_Task goal_: For this exercise, copy the data exactly and omit any images.
%%
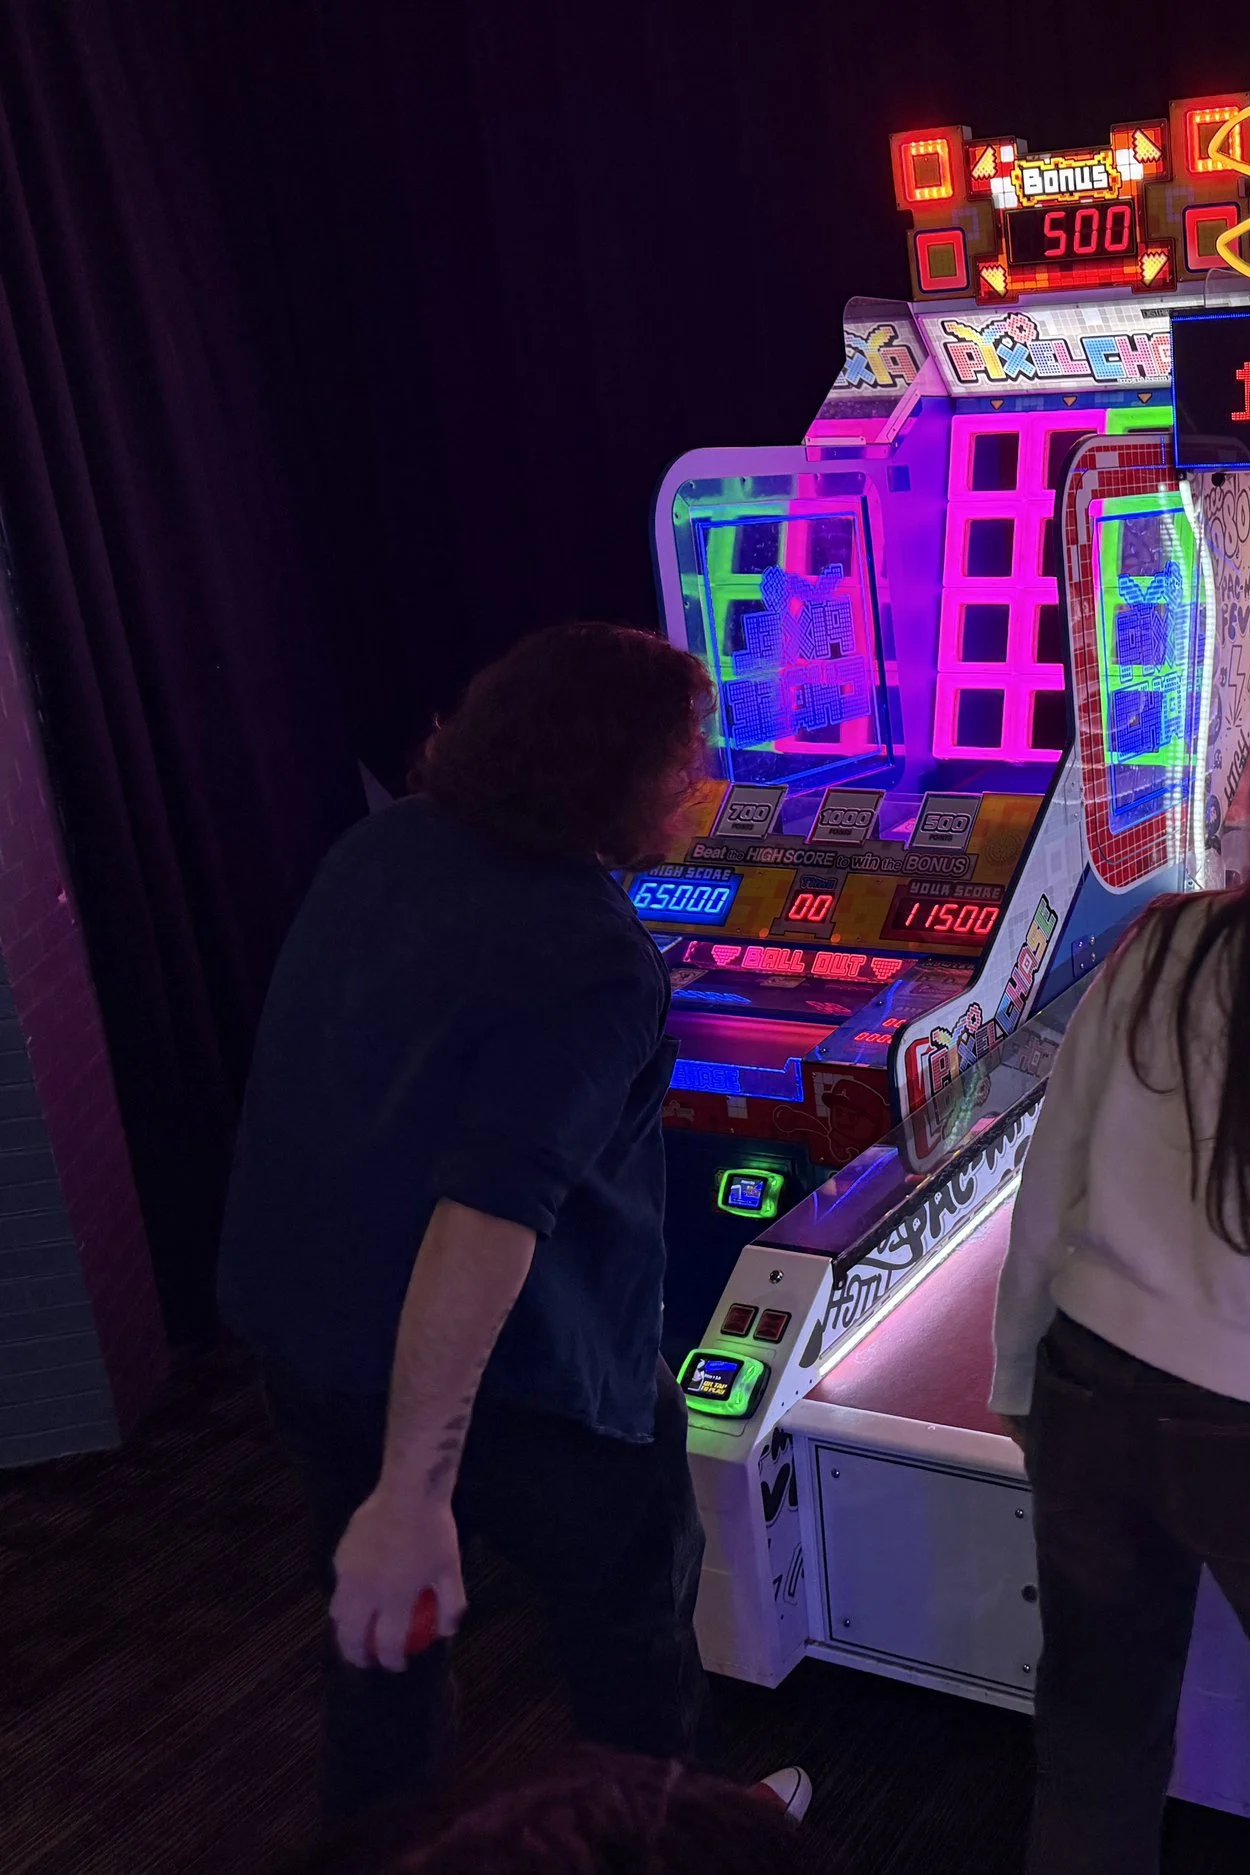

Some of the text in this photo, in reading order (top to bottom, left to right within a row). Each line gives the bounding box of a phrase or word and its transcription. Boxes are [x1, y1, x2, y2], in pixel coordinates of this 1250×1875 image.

[1044, 205, 1130, 257] 500
[943, 313, 1089, 383] PIXEL
[728, 804, 770, 822] 700
[819, 809, 872, 827] 1000
[922, 815, 969, 832] 500
[685, 866, 732, 881] SCORE
[692, 844, 726, 860] Beat
[746, 847, 784, 863] HIGH
[784, 850, 835, 866] SCORE
[852, 853, 881, 871] win
[905, 856, 968, 875] BONUS
[633, 882, 730, 914] 65000
[909, 881, 1001, 899] YOUR SCORE
[788, 893, 833, 920] 00
[905, 902, 1000, 934] 11500
[741, 945, 867, 978] BALL OUT
%%
_Final answer_:
Some of the text in this photo, in reading order (top to bottom, left to right within a row). Each line gives the bounding box of a phrase or word and its transcription. Boxes are [x1, y1, x2, y2], in pixel coordinates of this 1250×1875 image.

[1044, 205, 1130, 257] 500
[943, 313, 1089, 383] PIXEL
[728, 804, 770, 822] 700
[819, 809, 872, 827] 1000
[922, 815, 969, 832] 500
[685, 866, 732, 881] SCORE
[692, 844, 726, 860] Beat
[746, 847, 784, 863] HIGH
[784, 850, 835, 866] SCORE
[852, 853, 881, 871] win
[905, 856, 968, 875] BONUS
[633, 882, 730, 914] 65000
[909, 881, 1001, 899] YOUR SCORE
[788, 893, 833, 920] 00
[905, 902, 1000, 934] 11500
[741, 945, 867, 978] BALL OUT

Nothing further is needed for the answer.